[MATERIAL SUPPLIED — start]

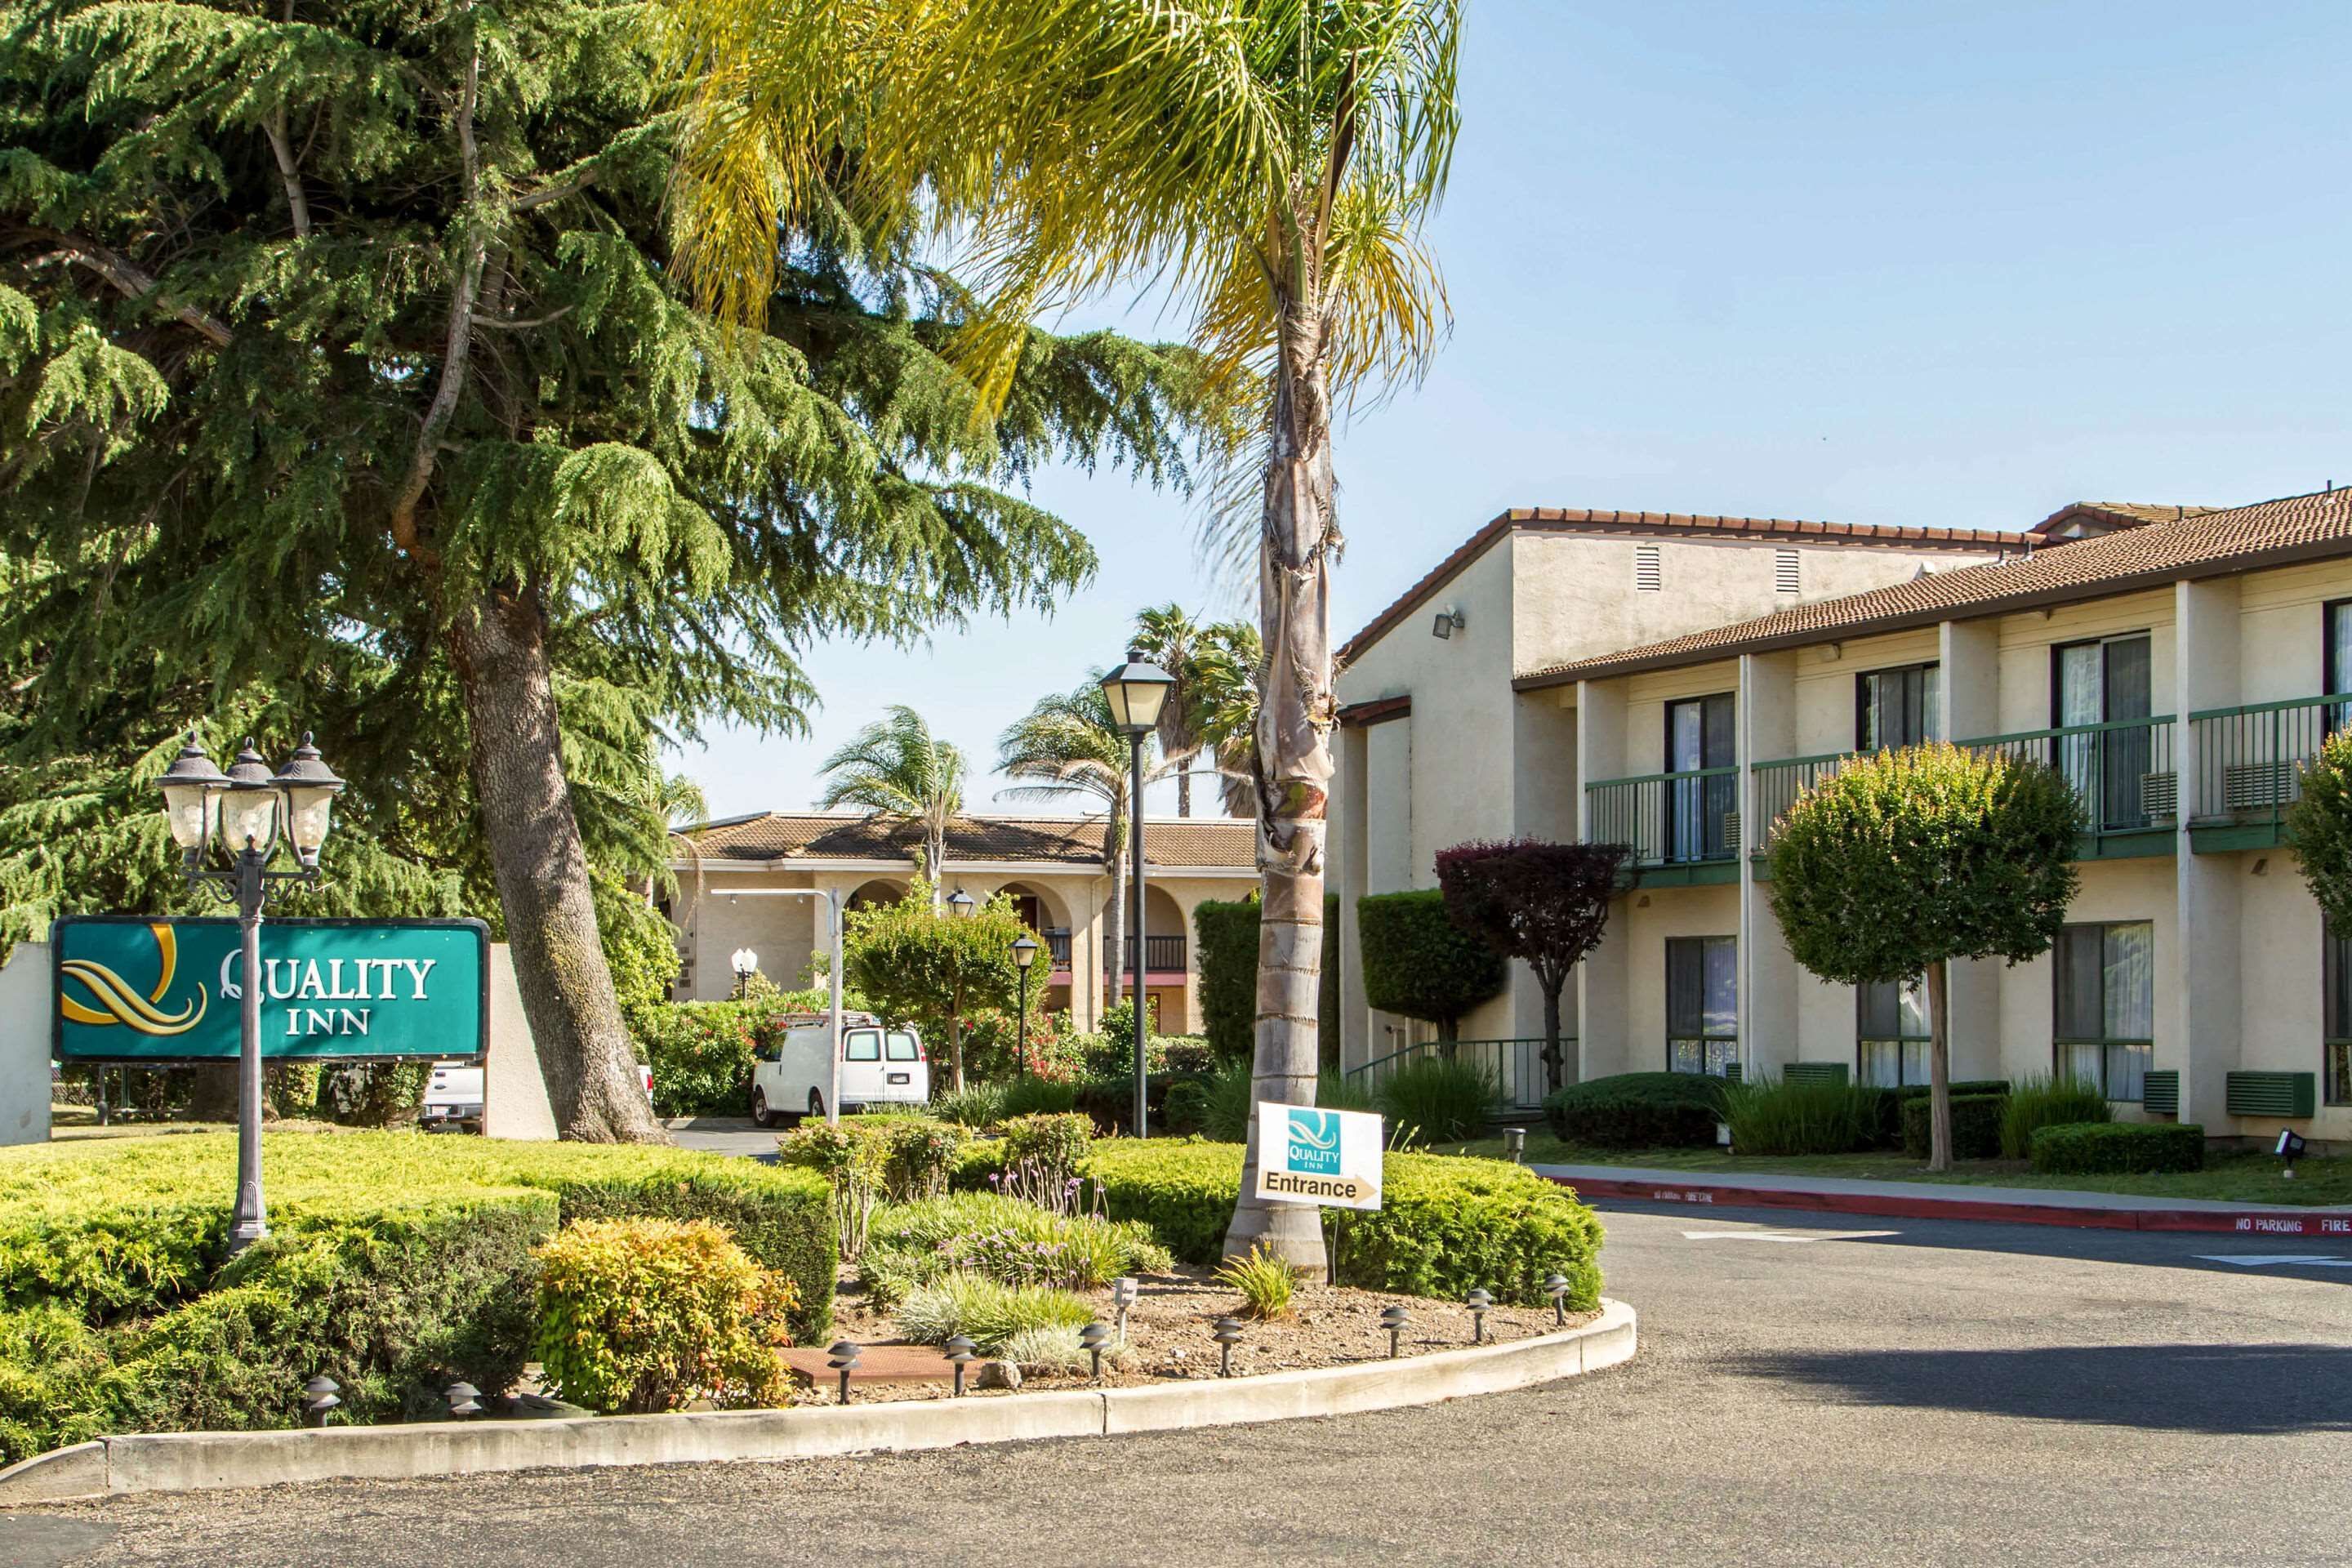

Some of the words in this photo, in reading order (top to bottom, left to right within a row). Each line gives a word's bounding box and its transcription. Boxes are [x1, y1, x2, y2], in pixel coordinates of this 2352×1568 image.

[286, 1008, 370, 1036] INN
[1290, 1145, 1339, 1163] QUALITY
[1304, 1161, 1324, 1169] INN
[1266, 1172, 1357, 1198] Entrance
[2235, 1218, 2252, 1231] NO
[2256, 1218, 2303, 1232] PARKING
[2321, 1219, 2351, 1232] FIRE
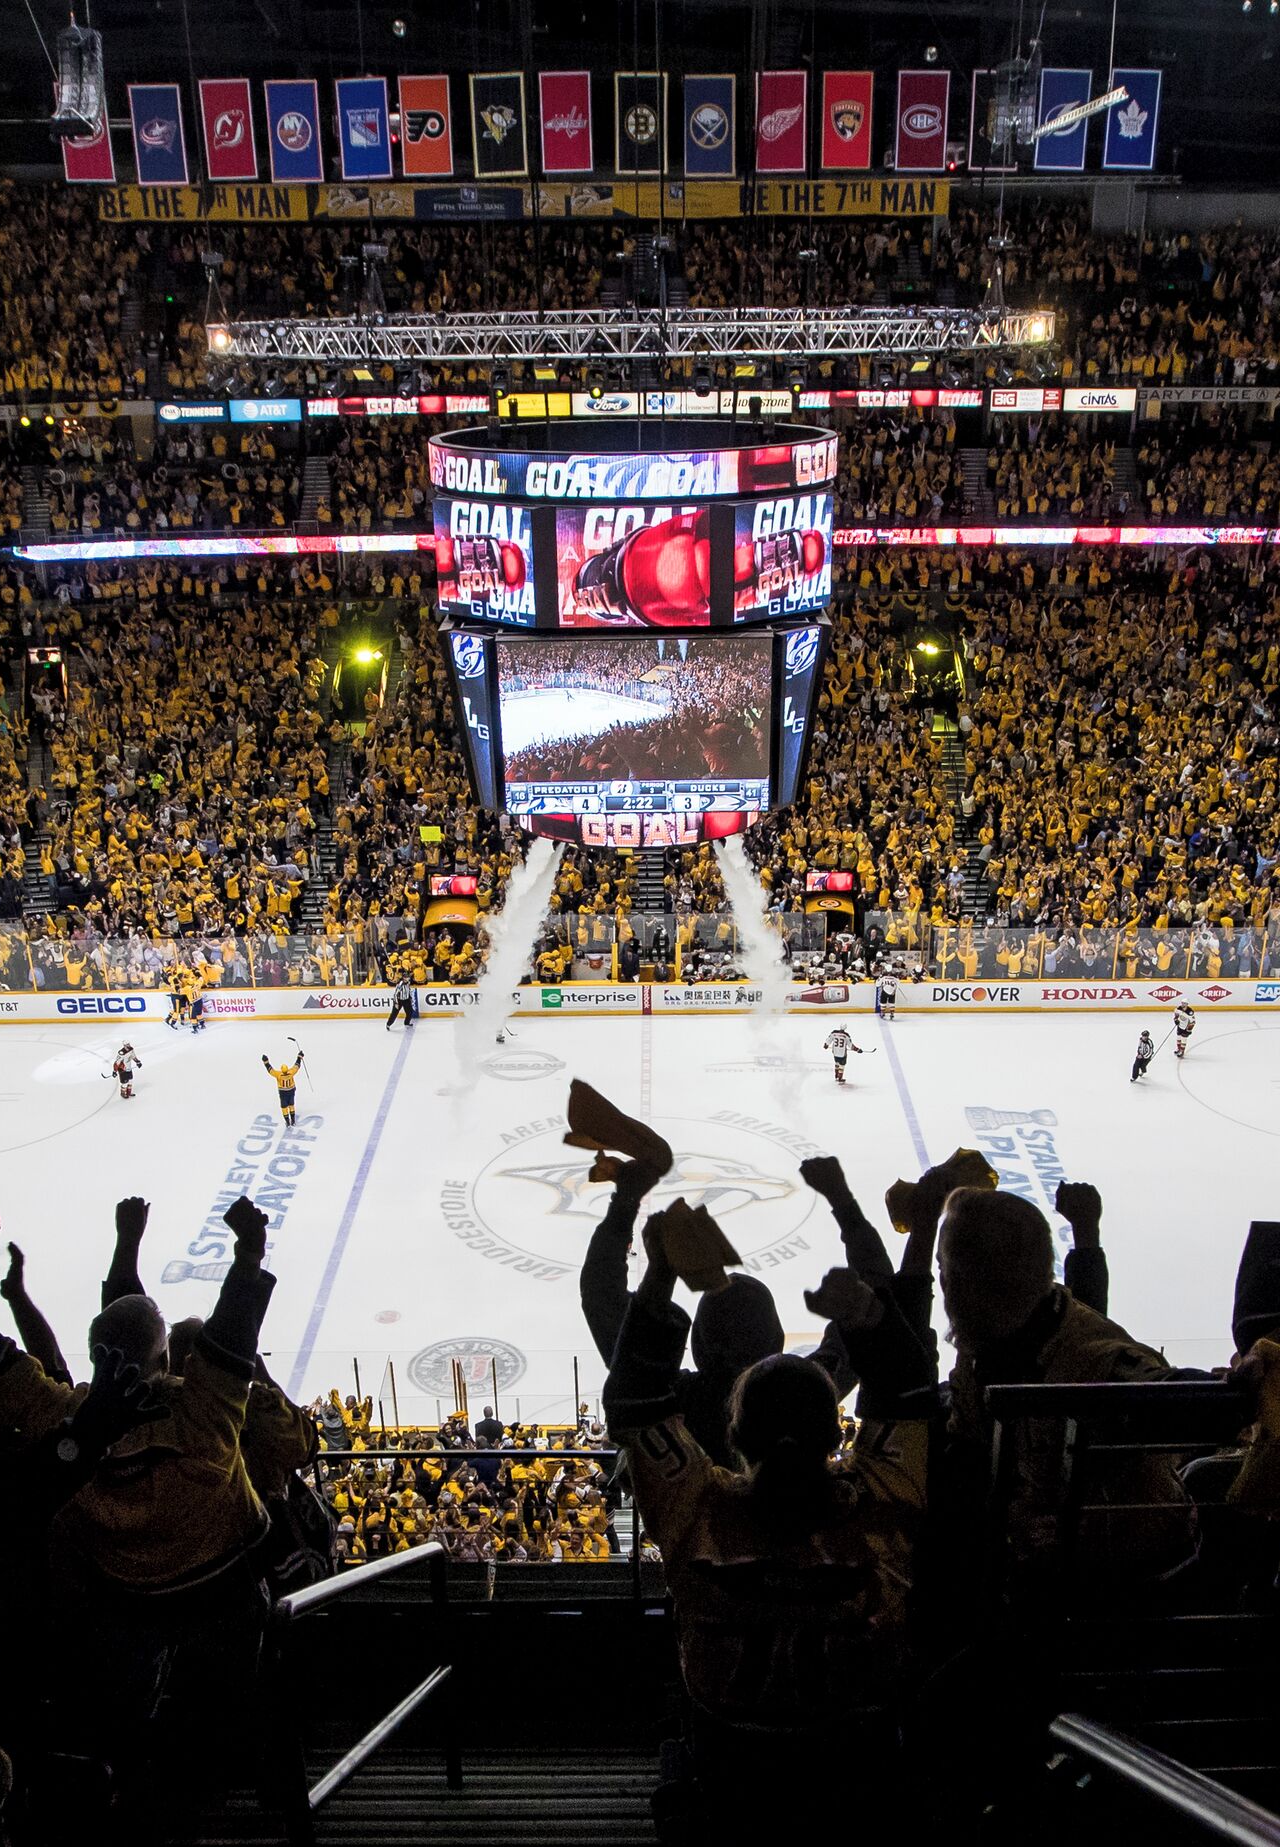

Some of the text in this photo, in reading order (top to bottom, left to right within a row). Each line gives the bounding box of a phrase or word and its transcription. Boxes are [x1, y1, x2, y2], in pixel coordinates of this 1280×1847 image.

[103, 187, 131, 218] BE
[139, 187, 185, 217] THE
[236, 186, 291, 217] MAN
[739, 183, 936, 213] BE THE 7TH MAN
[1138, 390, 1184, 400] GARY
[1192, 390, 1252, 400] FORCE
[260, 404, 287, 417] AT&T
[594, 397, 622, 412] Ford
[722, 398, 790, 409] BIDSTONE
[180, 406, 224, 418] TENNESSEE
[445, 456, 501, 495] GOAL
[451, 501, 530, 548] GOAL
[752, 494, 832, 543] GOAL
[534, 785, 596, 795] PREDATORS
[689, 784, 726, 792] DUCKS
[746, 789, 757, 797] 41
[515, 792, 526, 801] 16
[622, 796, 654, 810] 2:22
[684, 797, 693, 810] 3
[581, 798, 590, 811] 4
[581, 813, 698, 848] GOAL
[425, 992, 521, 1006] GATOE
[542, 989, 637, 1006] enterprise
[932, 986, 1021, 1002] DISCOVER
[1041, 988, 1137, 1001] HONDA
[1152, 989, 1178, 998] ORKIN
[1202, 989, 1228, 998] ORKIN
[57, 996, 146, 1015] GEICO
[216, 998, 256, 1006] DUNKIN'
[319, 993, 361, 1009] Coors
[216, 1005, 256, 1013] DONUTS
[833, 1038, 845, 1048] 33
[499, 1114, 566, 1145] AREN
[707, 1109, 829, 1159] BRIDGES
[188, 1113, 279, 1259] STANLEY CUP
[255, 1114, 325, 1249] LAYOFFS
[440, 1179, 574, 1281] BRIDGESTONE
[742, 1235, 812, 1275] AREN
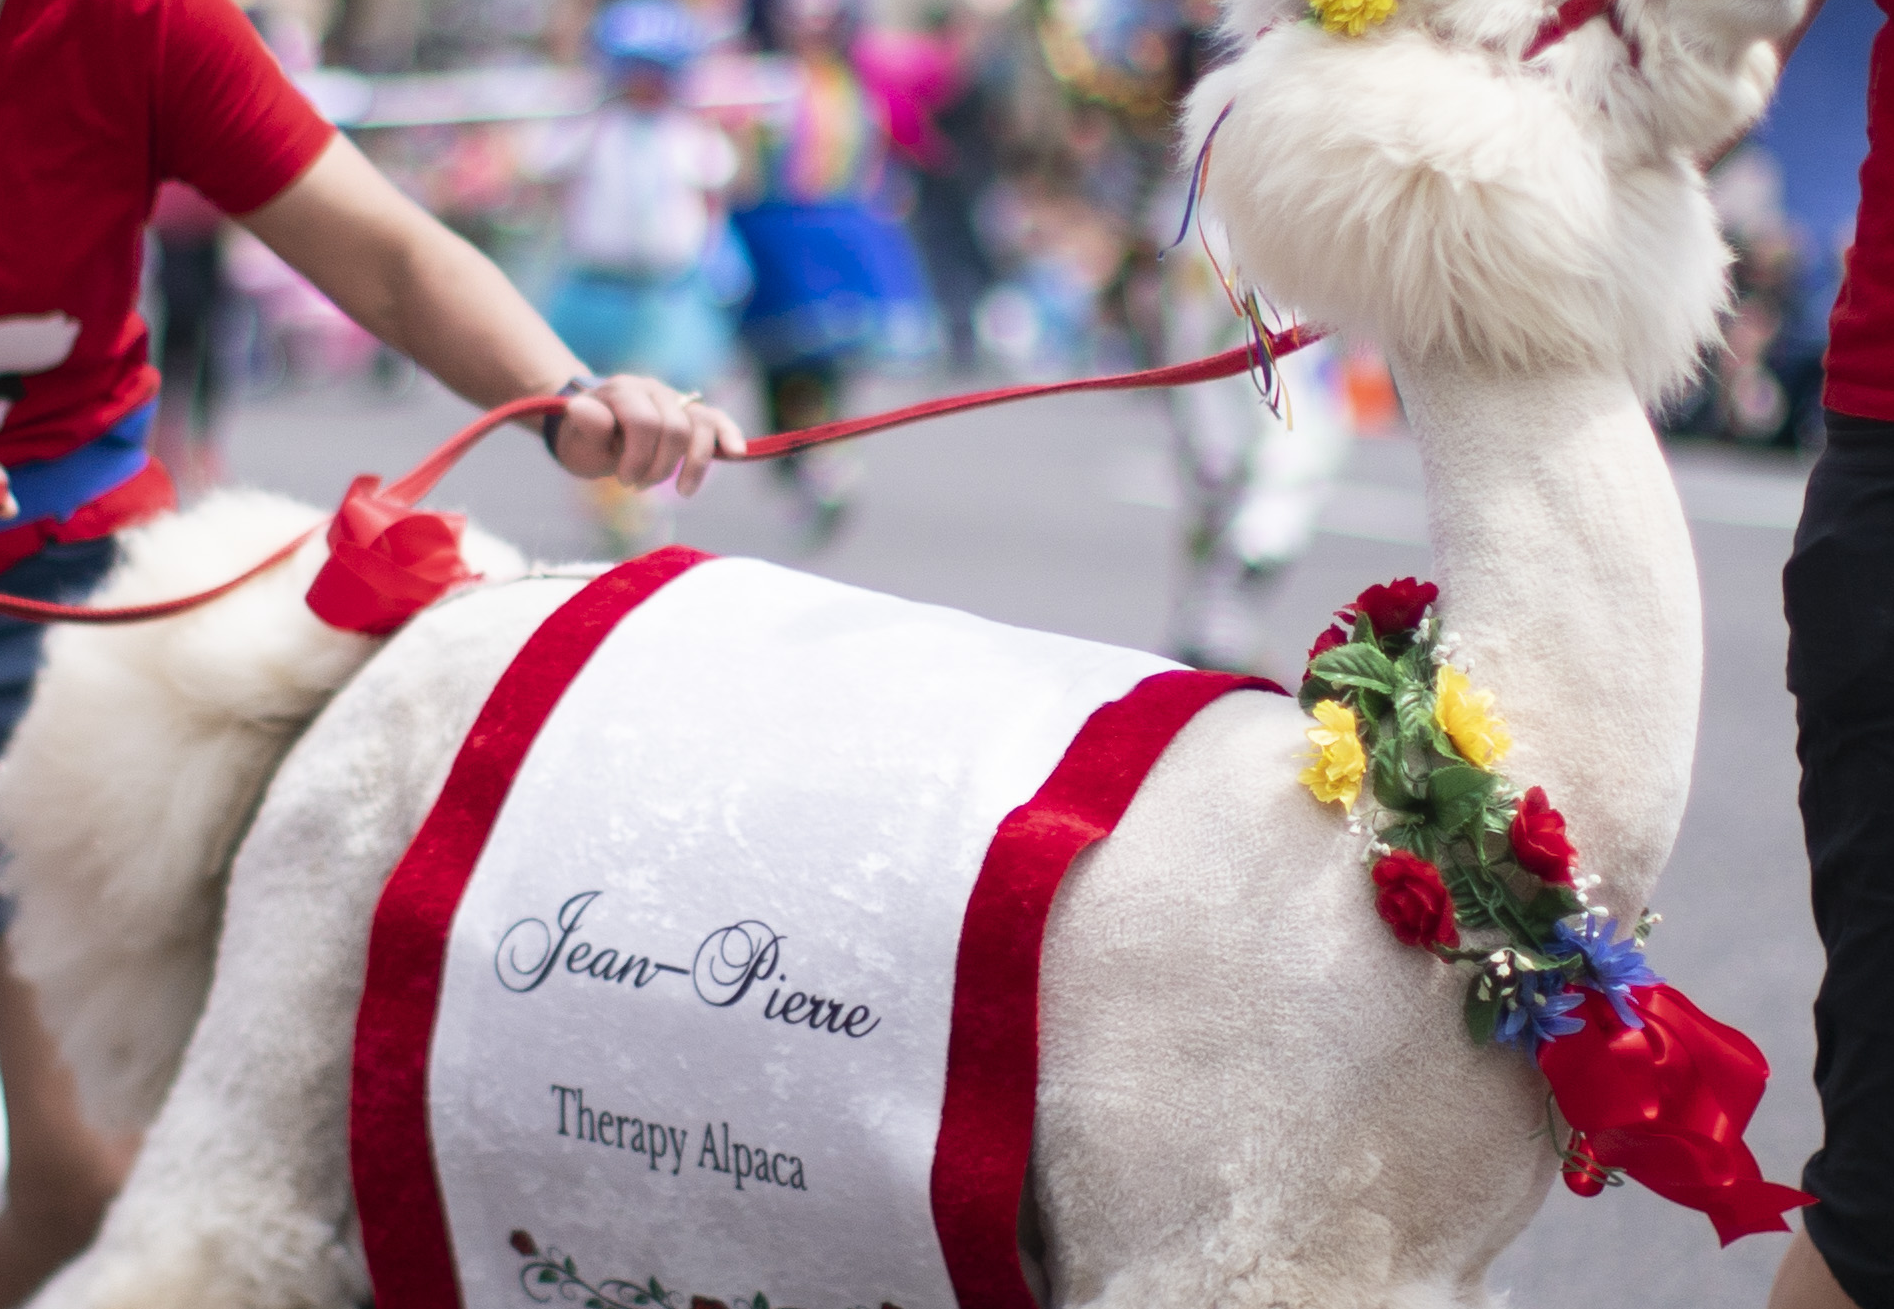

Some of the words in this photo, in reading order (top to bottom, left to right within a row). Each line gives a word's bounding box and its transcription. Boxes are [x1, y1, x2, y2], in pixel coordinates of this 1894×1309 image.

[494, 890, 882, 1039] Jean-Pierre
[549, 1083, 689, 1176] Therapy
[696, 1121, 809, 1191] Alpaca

[MATERIAL SUPPLIED — finish]

# [EXERCISE DESCRIPTION]
The entries above are to be retyped exactly, with each picture left out.

# [COMPLETED EXERCISE]
Some of the words in this photo, in reading order (top to bottom, left to right within a row). Each line gives a word's bounding box and its transcription. Boxes are [x1, y1, x2, y2], in pixel coordinates of this 2352×1568 image.

[286, 1008, 370, 1036] INN
[1290, 1145, 1339, 1163] QUALITY
[1304, 1161, 1324, 1169] INN
[1266, 1172, 1357, 1198] Entrance
[2235, 1218, 2252, 1231] NO
[2256, 1218, 2303, 1232] PARKING
[2321, 1219, 2351, 1232] FIRE

Some of the text in this photo, in reading order (top to bottom, left to right within a row). Each line gives the bounding box of a phrase or word and its transcription. Boxes are [x1, y1, x2, y2], in pixel coordinates of this 1280×1847 image.

[103, 187, 131, 218] BE
[139, 187, 185, 217] THE
[236, 186, 291, 217] MAN
[739, 183, 936, 213] BE THE 7TH MAN
[1138, 390, 1184, 400] GARY
[1192, 390, 1252, 400] FORCE
[260, 404, 287, 417] AT&T
[594, 397, 622, 412] Ford
[722, 398, 790, 409] BIDSTONE
[180, 406, 224, 418] TENNESSEE
[445, 456, 501, 495] GOAL
[451, 501, 530, 548] GOAL
[752, 494, 832, 543] GOAL
[534, 785, 596, 795] PREDATORS
[689, 784, 726, 792] DUCKS
[746, 789, 757, 797] 41
[515, 792, 526, 801] 16
[622, 796, 654, 810] 2:22
[684, 797, 693, 810] 3
[581, 798, 590, 811] 4
[581, 813, 698, 848] GOAL
[425, 992, 521, 1006] GATOE
[542, 989, 637, 1006] enterprise
[932, 986, 1021, 1002] DISCOVER
[1041, 988, 1137, 1001] HONDA
[1152, 989, 1178, 998] ORKIN
[1202, 989, 1228, 998] ORKIN
[57, 996, 146, 1015] GEICO
[216, 998, 256, 1006] DUNKIN'
[319, 993, 361, 1009] Coors
[216, 1005, 256, 1013] DONUTS
[833, 1038, 845, 1048] 33
[499, 1114, 566, 1145] AREN
[707, 1109, 829, 1159] BRIDGES
[188, 1113, 279, 1259] STANLEY CUP
[255, 1114, 325, 1249] LAYOFFS
[440, 1179, 574, 1281] BRIDGESTONE
[742, 1235, 812, 1275] AREN

Some of the words in this photo, in reading order (top to bottom, left to right within a row). Each line gives a word's bounding box and its transcription. Boxes are [x1, y1, x2, y2], in pixel coordinates of this 1894×1309 image.

[494, 890, 882, 1039] Jean-Pierre
[549, 1083, 689, 1176] Therapy
[696, 1121, 809, 1191] Alpaca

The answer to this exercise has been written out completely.